Whether you’ve lost your job, are worried you might be about to, or are finding your finances crunched by the Coronavirus pandemic, you may be thinking about asking for a forbearance on your mortgage. But should you? Will it really help put you in a better financial position? 

We’re breaking down the details. 

What is a forbearance? 

“Forbearance is a temporary postponement of mortgage payments,” said Investopedia. “It is a form of repayment relief granted by the lender or creditor in lieu of forcing a property into foreclosure.”

The key words here are “temporary” and “postponement.” Forbearance is a way to delay your mortgage payments for a period of time with the knowledge and permission of your lender. That way, you can skip a number of payments without putting your home at risk like you would if you just stopped paying; eventually, your home would go into foreclosure.

The CARES Act, otherwise known as the coronavirus relief package, has stipulated that “mortgage borrowers with federally backed loans can seek forbearance for up to six months,” said Forbes.

You can also ask for an additional extension for up to six months if needed. “You must contact your loan servicer to request this forbearance,” said the Consumer Finance Protection Bureau. “You do not need to submit additional documentation to qualify other than your claim to have a pandemic-related financial hardship.”

Here are a few more things to consider.

Those skipped payments aren’t freebies

Some homeowners have been disappointed to find out that forbearance doesn’t mean forgiveness. You’re not excused from making those payments; you’re just not making them NOW. 

“One of the most important things to remember, and the source of a lot of confusion, is that forbearance is not forgiveness,” said Karan Kaul, a research associate in the Housing Finance Policy Center at the Urban Institute, on CNBC. “It’s just putting a pause on your mortgage payments for a few months. And depending on the loan servicer, interest can continue to accrue during the forbearance period, which may increase the overall cost of the mortgage.” 

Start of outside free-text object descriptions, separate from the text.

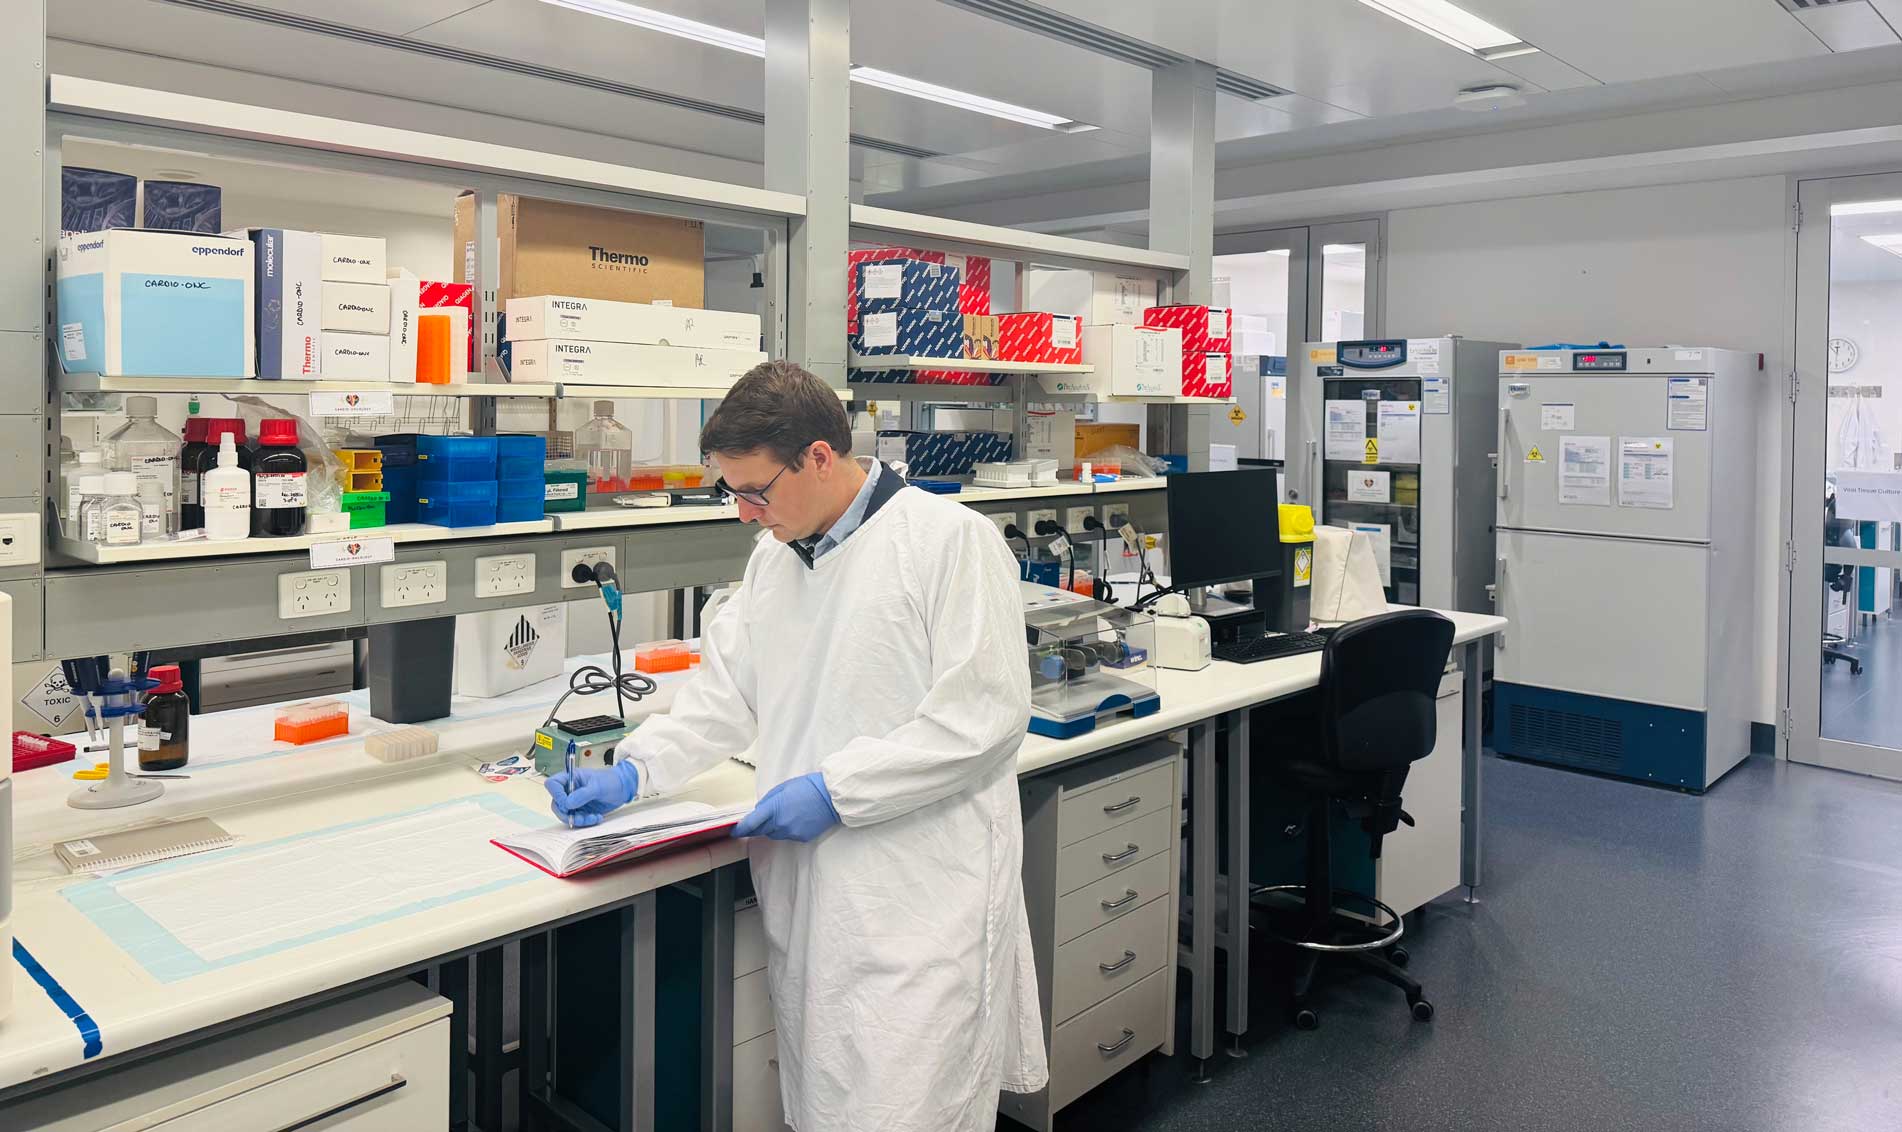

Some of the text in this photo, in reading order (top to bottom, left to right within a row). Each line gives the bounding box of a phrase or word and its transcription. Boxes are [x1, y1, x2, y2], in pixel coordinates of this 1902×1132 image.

[191, 246, 245, 257] eppendorf
[267, 234, 275, 277] molecular
[588, 246, 649, 266] Thermo
[591, 263, 648, 274] SCIENTIFIC
[551, 300, 588, 312] INTEGRA
[555, 344, 592, 354] INTEGRA
[302, 336, 312, 375] Thermo
[44, 696, 71, 706] TOXIC
[54, 715, 61, 723] 6
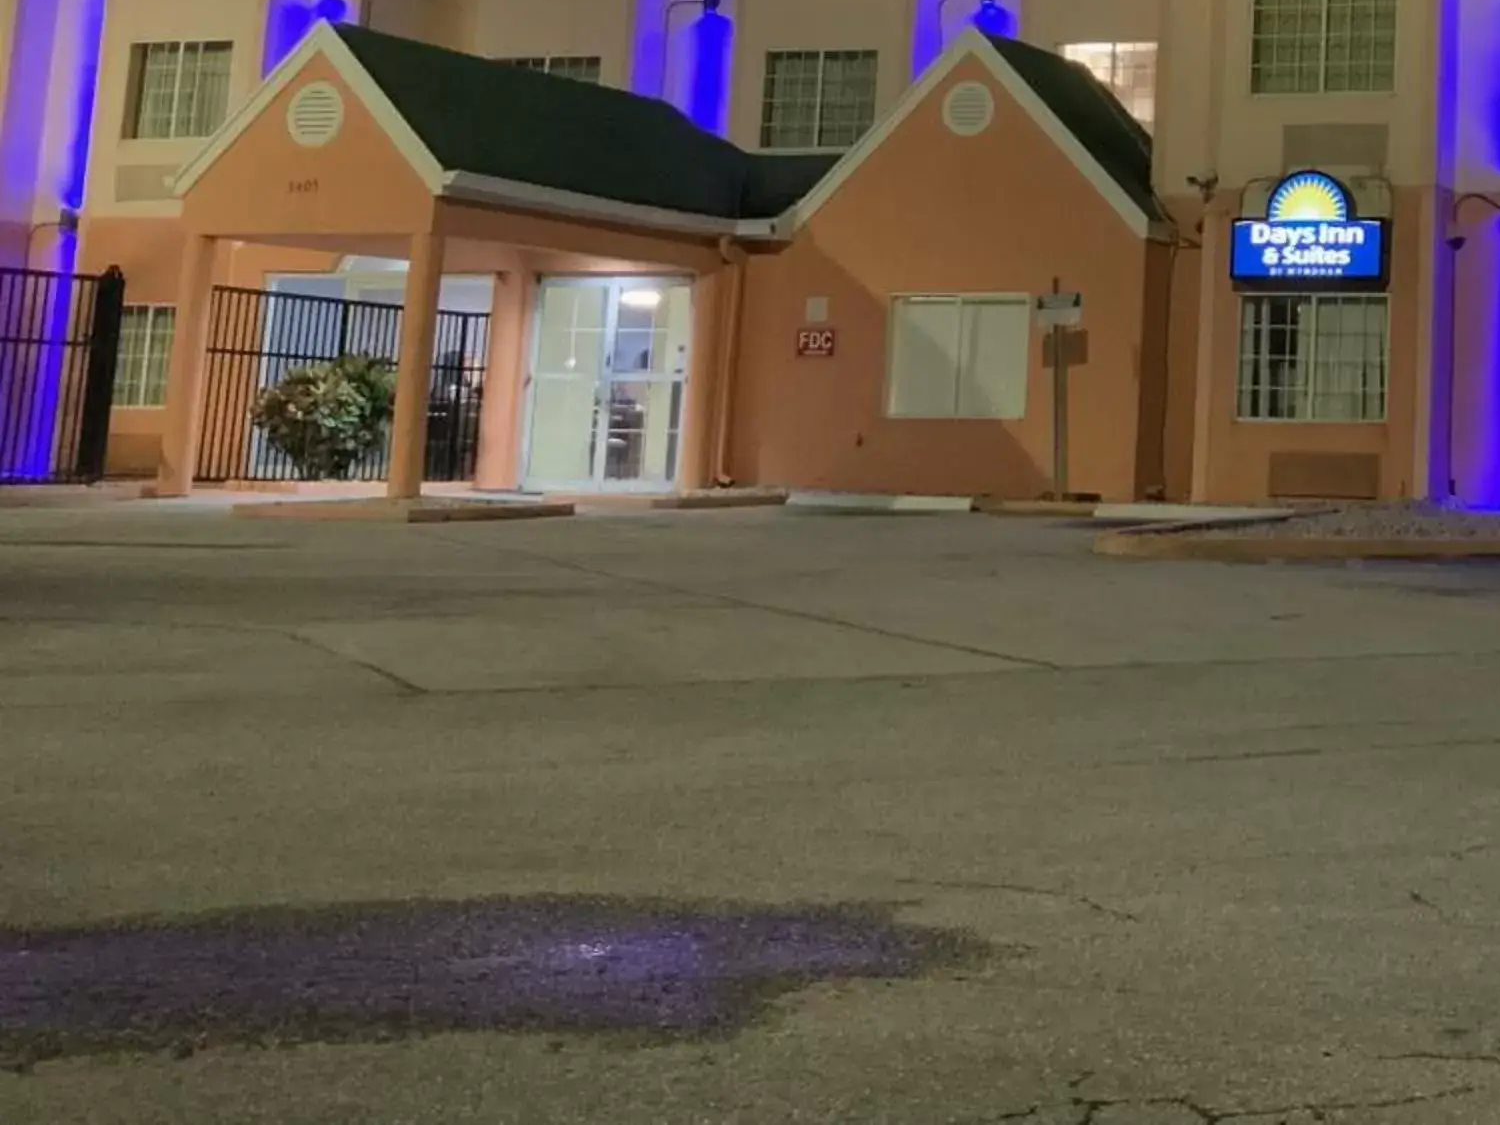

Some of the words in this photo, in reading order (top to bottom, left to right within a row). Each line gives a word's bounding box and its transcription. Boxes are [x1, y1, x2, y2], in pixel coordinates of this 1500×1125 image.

[1251, 223, 1315, 246] Days
[1318, 223, 1364, 244] Inn
[1262, 247, 1279, 265] &
[1281, 245, 1351, 265] Suites
[799, 331, 832, 348] FDC

In addition, homeowners are “still going to be paying interest on the balance of their loan, there are taxes and insurance that are not into escrow, that will have to be paid out,” said Jennifer Micklos, with Movement Mortgage out of Clermont, NY on WFTV.

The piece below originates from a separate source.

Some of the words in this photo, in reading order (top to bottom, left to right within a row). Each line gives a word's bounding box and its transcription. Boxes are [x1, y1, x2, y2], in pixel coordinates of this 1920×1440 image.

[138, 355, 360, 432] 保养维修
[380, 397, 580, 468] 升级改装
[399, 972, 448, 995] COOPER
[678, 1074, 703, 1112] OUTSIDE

Those skipped payments will likely be due sooner than you think

There has been some talk about mortgage payments being tacked on to the end of the loan term, which would be more of a mortgage holiday for those who are having a hard time paying. But, by and large, this is not what lenders are offering. 

“When Morgan Davis, a furloughed clothing designer, called Wells Fargo to ask for help with her FHA loan about two weeks ago, she was offered to suspend three payments without penalty – three months of forbearance,” said Forbes. “But at the end of those three months, all my mortgage payments would be due at once,” Davis said. “I told [the bank representative] that didn’t sound very helpful. I explained I had only called to see if there was a way for me to hold onto more of my cash while I wasn’t getting paid.”

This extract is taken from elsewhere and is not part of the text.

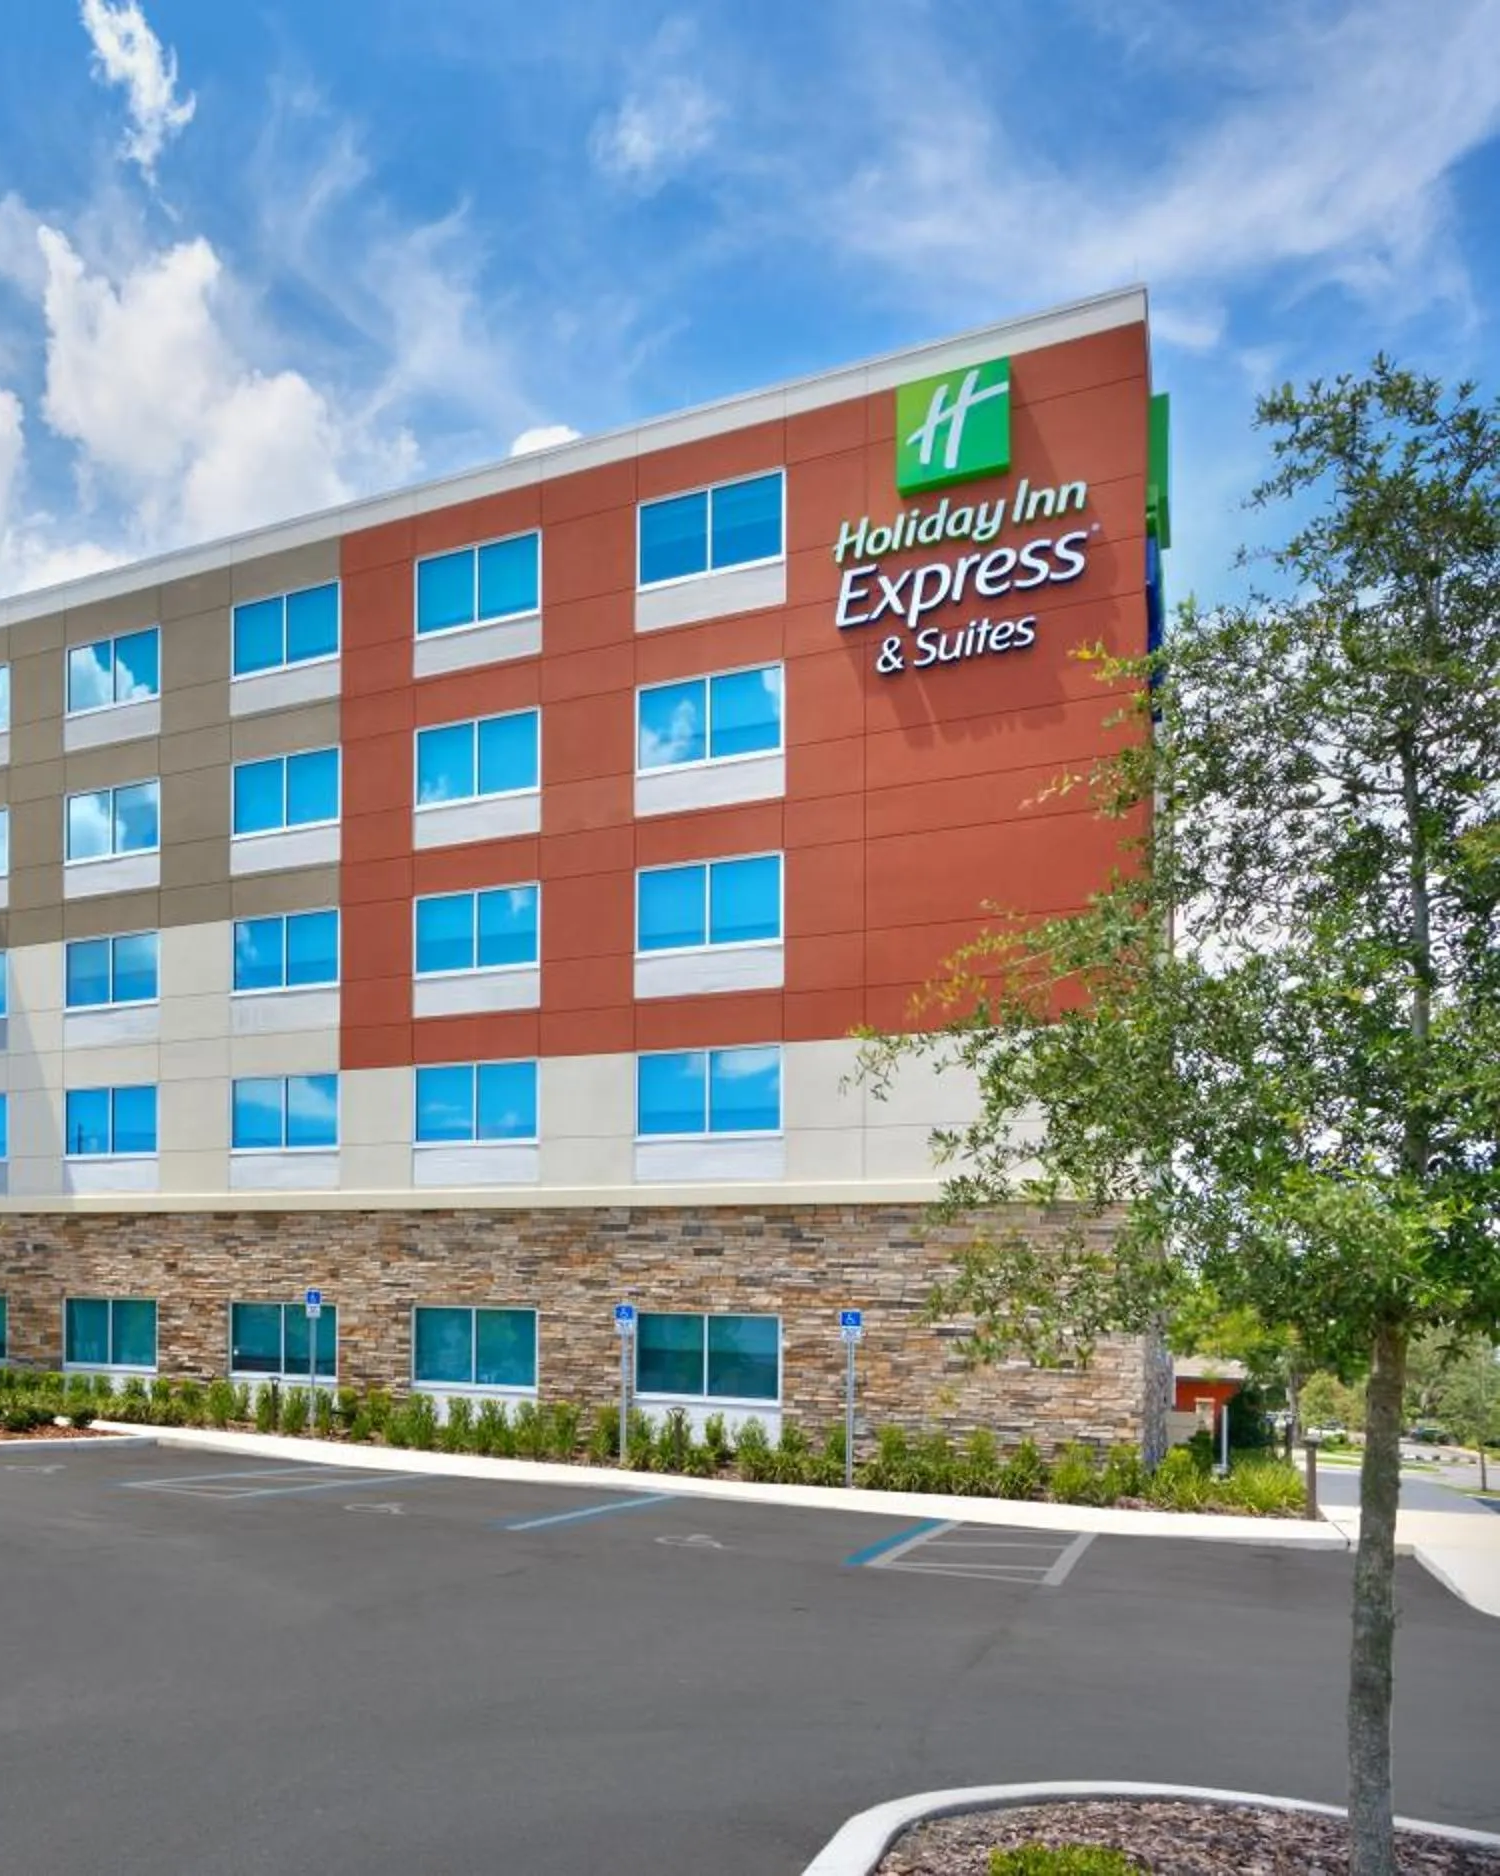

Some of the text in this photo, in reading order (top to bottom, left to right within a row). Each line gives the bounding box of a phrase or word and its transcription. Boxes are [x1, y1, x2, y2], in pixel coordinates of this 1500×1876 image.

Flagstar Bank’s forbearance program has similar stipulations, although they initially offer a six-month suspension period. The forbearance letter they are sending out to customers states, that “A forbearance plan is a temporary solution, and the suspension of your payments during the Forbearance Period will make your loans past due.” 

Borrowers are expected to bring their loan current at the end of the six months by “paying all past due amounts (including those not paid during the Forbearance Period);” setting up a repayment plan that “adds a portion of your past due amounts to your regular monthly payment until your account is current;” or applying for a “more permanent loss mitigation solution.”

You won’t be reported as late

“Lenders are not to report forborne payments to the credit bureaus, which means that borrowers who request forbearance will not see their credit scores suffer,” said Forbes. “However, if they do not contact their loan servicer to start a forbearance plan and miss a payment, the lender is to report that lapse to the credit bureaus.”

Additionally, “Loan servicers are barred from adding any fees, penalties or interest charges beyond the amounts scheduled or would be calculated if the borrower made timely payments,” said CNBC.

You might not be able to get through to your lender

CNBC reported that homeowners have spent hours on the phone waiting for help from their lender, so be patient if you’re making that call. Or, check out your bank or lender’s website to see if they have added forbearance information. You might find what you need and be able to submit your request without having to speak to someone.